Welcome back. We’ve been talking about prenuptial agreements in Michigan, and what soon-to-be-married couples should and shouldn’t include in their prenups. It can seem a little strange to someone who’s never written one before, but believe it or not, crafting a strong prenup that’s likely to stand the test of time and hold up in court is something of an art form. And many people (including some lawyers) get it wrong. They miss out on the opportunity to address very important things, or include things that could never be enforced, and instead focus on all sorts of nonsense that would never be enforced in a Michigan court. Not sure which is which? Stick around and we’ll break it down for you.
Take care of your assets from before you got married!
This is a big one. If you had a lump sum you inherited from a relative before you were married, or a trust fund your parents set up for you when you were a kid, then those things need to be protected. Anything that was exclusively yours before you tied the knot can be specified in your prenup as something only you get to keep if the marriage fails (unless you want your future spouse to get half of those assets). That could include anything from a house you purchased before tying the knot, to a old boat you bought and fixed up years ago.

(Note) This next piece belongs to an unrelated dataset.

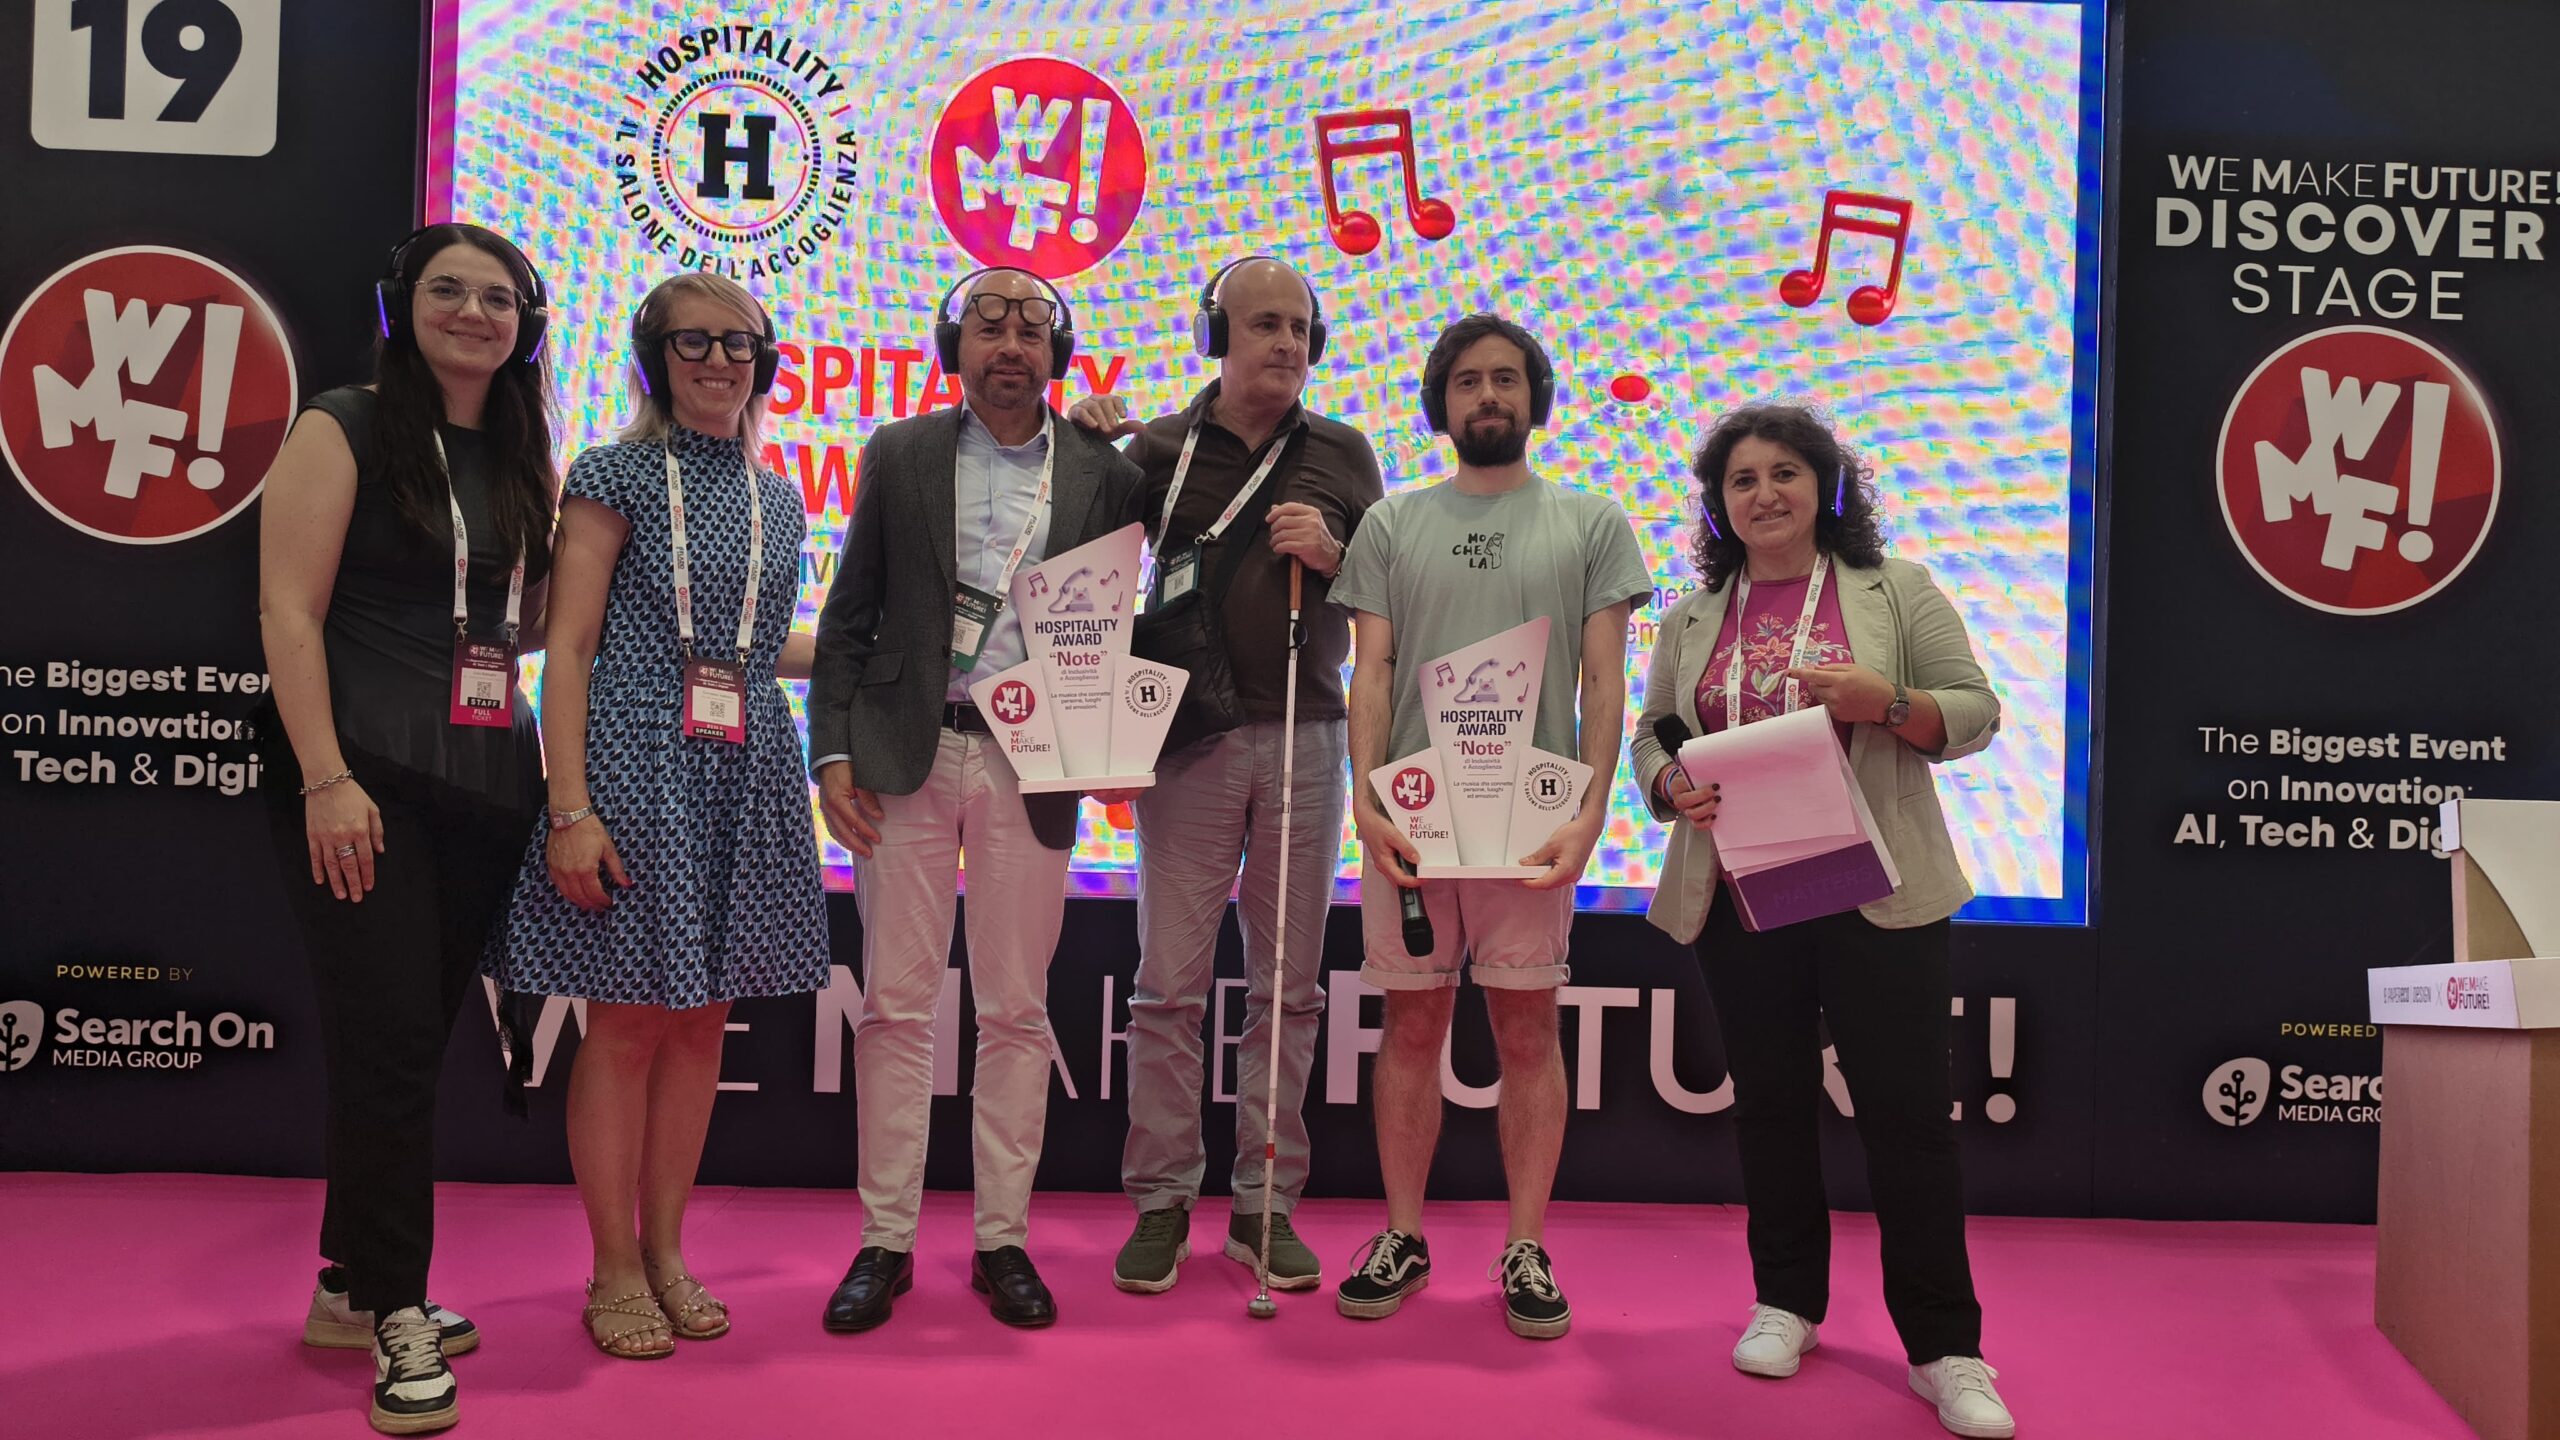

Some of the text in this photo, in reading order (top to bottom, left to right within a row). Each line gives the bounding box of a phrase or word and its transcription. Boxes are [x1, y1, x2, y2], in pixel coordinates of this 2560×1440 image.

There’s no such thing as a bulletproof prenup!
If you owned something of value, then we recommend you consider what you want done with it if your marriage doesn’t work out. However, keep in mind that no prenuptial agreement is bullet proof. Circumstances change, judges change and the law changes. So it’s important for lawyers to draft the very best agreement they can draft, with full knowledge that sometimes these agreements are set aside despite their best efforts. The process of drafting a prenuptial agreement should begin 3 – 6 months before the marriage and both parties should have their own attorneys.
Kids from a previous relationship can also be provided for.
If you or your spouse-to-be have children from a previous relationship, you can make sure they’re provided for when it comes to inheriting assets from a parent. For example, if you happen to own a home and some mutual funds when you get married, you can include in your prenup that you want your kids to inherit your assets. That way, if you pass away, you can push so that your children from a previous marriage aren’t cut out by a current spouse. This also allows you to safeguard that certain valuable or sentimental items stay in the family (your daughter is to inherit Aunt Heather’s jewelry, or your son is supposed to get the hunting cabin up north.) Again, nothing is guaranteed but drafting the best agreement is a great start.
However, you can’t address custody issues in a prenuptial agreement!
While a prenup lets you protect an inheritance you want your children from former relationships to receive when you die, your prenup can’t be used to plan ahead for custody of the children you haven’t had yet. You can’t specify in your prenup that if you have children, your spouse has to agree to give up custody to you. And you can’t spell out visitation requirements, or forbid your spouse to have contact with the kids. Visitation orders and custody agreements will be agreed on by the Oakland County Family Court at the time of your divorce (assuming it ever comes to that) and not before! It is solely in the discretion of the court to determine what is in the children’s best interest.
Get a good lawyer, so you can get a good prenup.
Prenuptial agreements are something of a science. They need to handled with finesse and a deep knowledge of Michigan family law. So if you’re planning to get married, and you want to create a lasting prenup that’ll have the best chance to stand the test of time and hold up in court we can help you with that. The experienced family law attorneys at The Kronzek Firm have the utmost respect for your pending marriage, and can help you to plan for possibilies or eventualities (even the ones you don’t think will ever happen, because you never know!). You can reach us 24/7 at (248) 479-6200. We’re here to help.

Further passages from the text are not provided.